Apparent growth differences between the two areas are consistent with water temperature and stomach content results. We found that the Yolo Bypass floodplain had higher water temperatures (Figure 3) and young salmon ate significantly more prey (Figure 4) than in the Sacramento River. The wet weight ration indices calculated from bioenergetic modeling suggest increased prey availability in Yolo Bypass was sufficient to offset increased metabolic requirements from higher water temperatures (Figure 4). Higher water temperatures in the Yolo Bypass are expected as a result of the shallow depths on the broad floodplain. Increased feeding success in the Yolo Bypass is consistent with trends in prey availability. Although Yolo Bypass and Sacramento River had similar levels of zooplankton, Yolo Bypass had dramatically more dipteran prey in the drift and in the fish stomachs (DWR, unpublished data). Studies by Rondorf and others (1990) showed that zooplankton were the least-favored prey items in juvenile chinook salmon diets.

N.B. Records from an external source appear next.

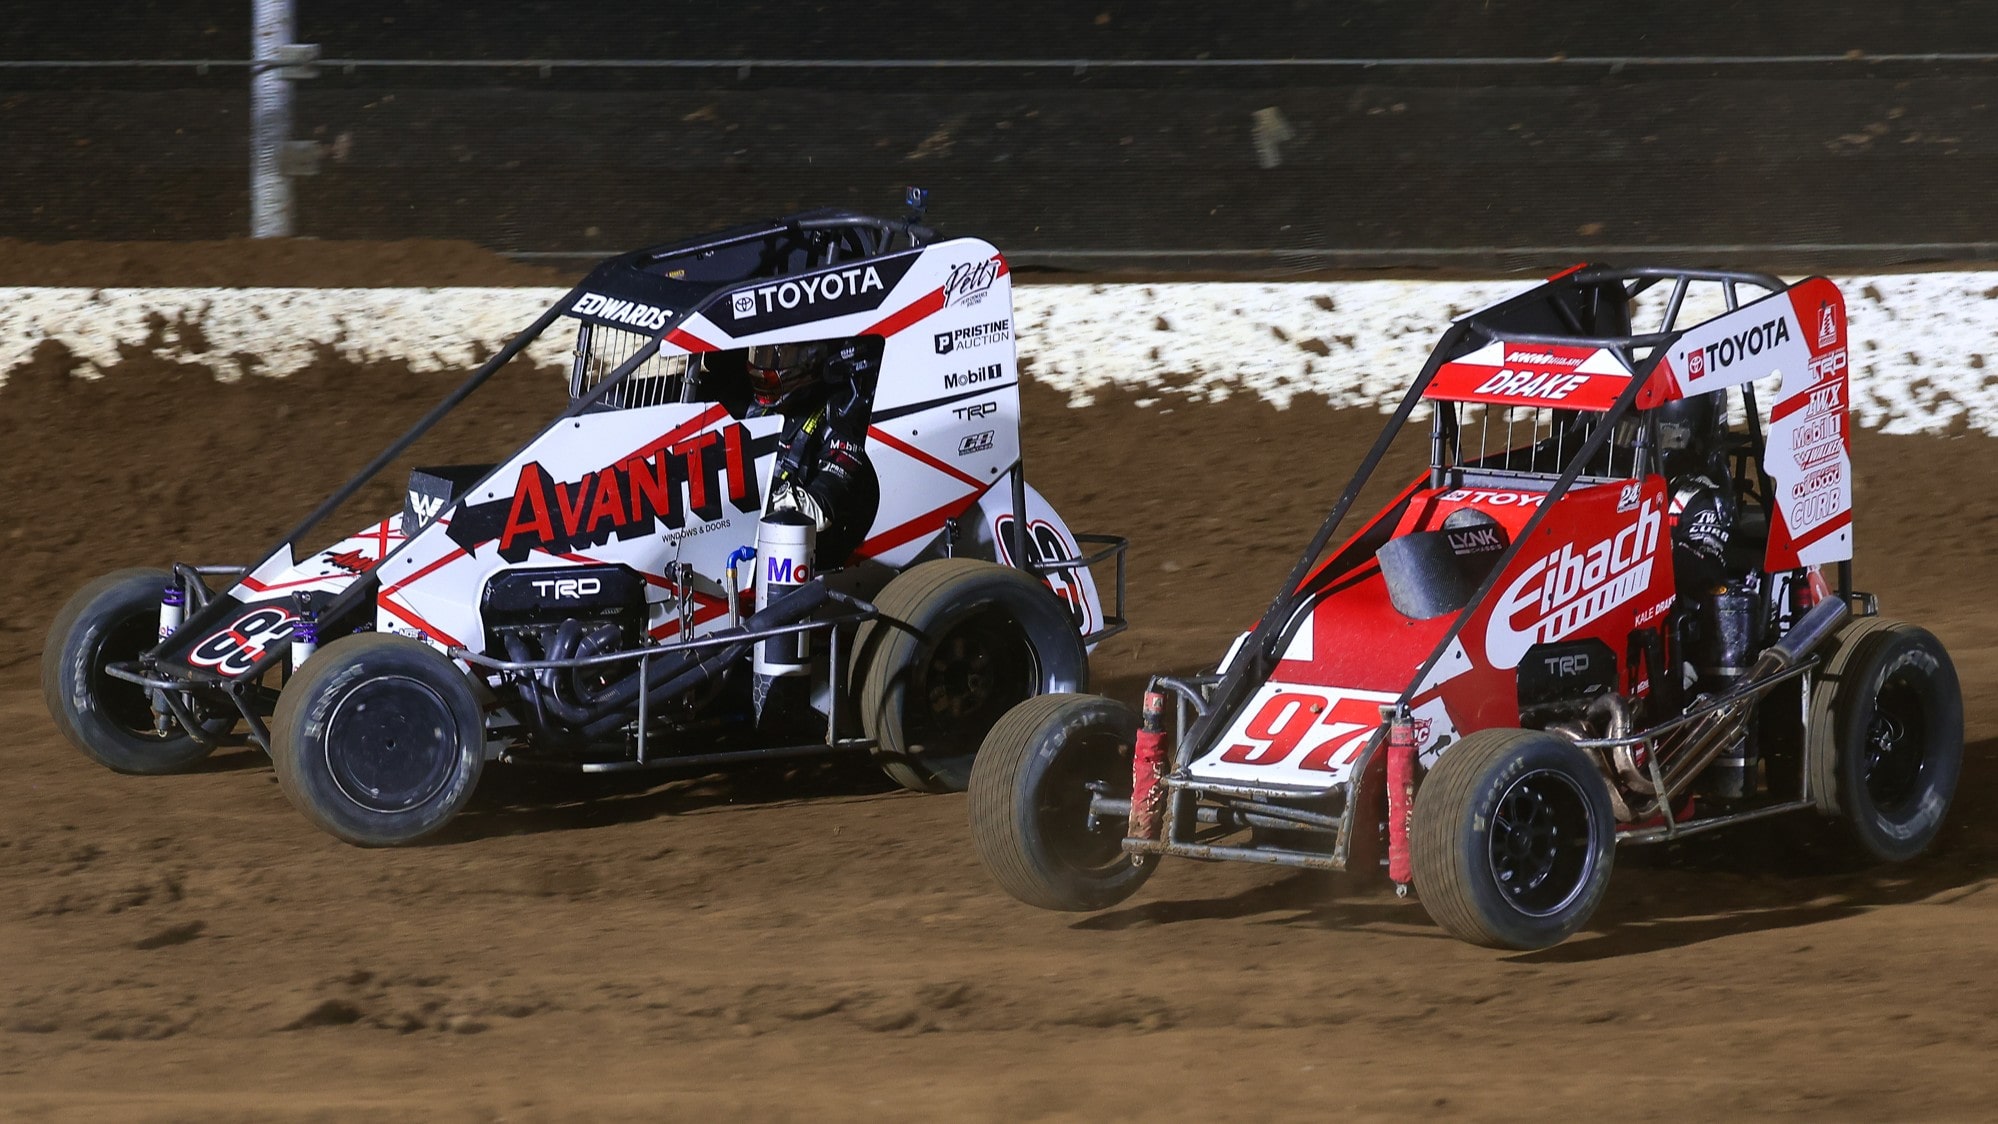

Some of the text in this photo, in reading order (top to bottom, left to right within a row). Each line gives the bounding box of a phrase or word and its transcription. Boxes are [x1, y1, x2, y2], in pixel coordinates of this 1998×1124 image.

[758, 266, 884, 313] TOYOTA
[571, 292, 673, 330] EDWARDS
[954, 319, 1009, 341] PRISTINE
[956, 331, 1009, 351] AUCTION
[1505, 351, 1553, 365] KKM
[1706, 316, 1790, 373] TOYOTA
[944, 363, 1002, 390] Mobil 1
[1808, 351, 1846, 380] TRD
[1474, 369, 1590, 400] DRAKE
[952, 402, 997, 421] TRD
[1793, 417, 1828, 450] Mobil
[499, 421, 752, 555] AVANTI
[1471, 490, 1546, 507] TOY
[1621, 482, 1641, 507] 24
[1791, 487, 1841, 530] CURB
[662, 519, 731, 543] WINDOWS & DOORS
[1447, 528, 1499, 550] LYNK
[768, 556, 815, 584] Mo
[532, 578, 601, 600] TRD
[1485, 498, 1661, 670] Eibach
[1635, 607, 1654, 627] KALE
[1545, 653, 1589, 677] TRD
[1219, 692, 1386, 773] 97

The dominance of zooplankton in the diets of Sacramento River salmon therefore probably reflects relatively low availability of other more energetically valuable prey items such as dipterans.

1. Fish size versus physical conditions in the Yolo Bypass and Sacramento River during winter and spring of 1998 and 1999: (A) mean daily flow (m3/s or cms) in the Yolo Bypass (solid line) and Sacramento River (circles); (B) mean water temperature (°C) at Yolo Bypass (solid symbols) and Sacramento River (open symbols); (C) mean daily chinook salmon fork length for Yolo Bypass (solid symbols) and Sacramento River (open symbols) beach seine stations. For presentation purposes, only the daily mean fork lengths are shown; however, individual observations for February-March were used for statistical analyses. The regression slopes for log10-transformed Yolo Bypass and Sacramento River fork length data were significantly different (t-test, p < 0.001) in both years.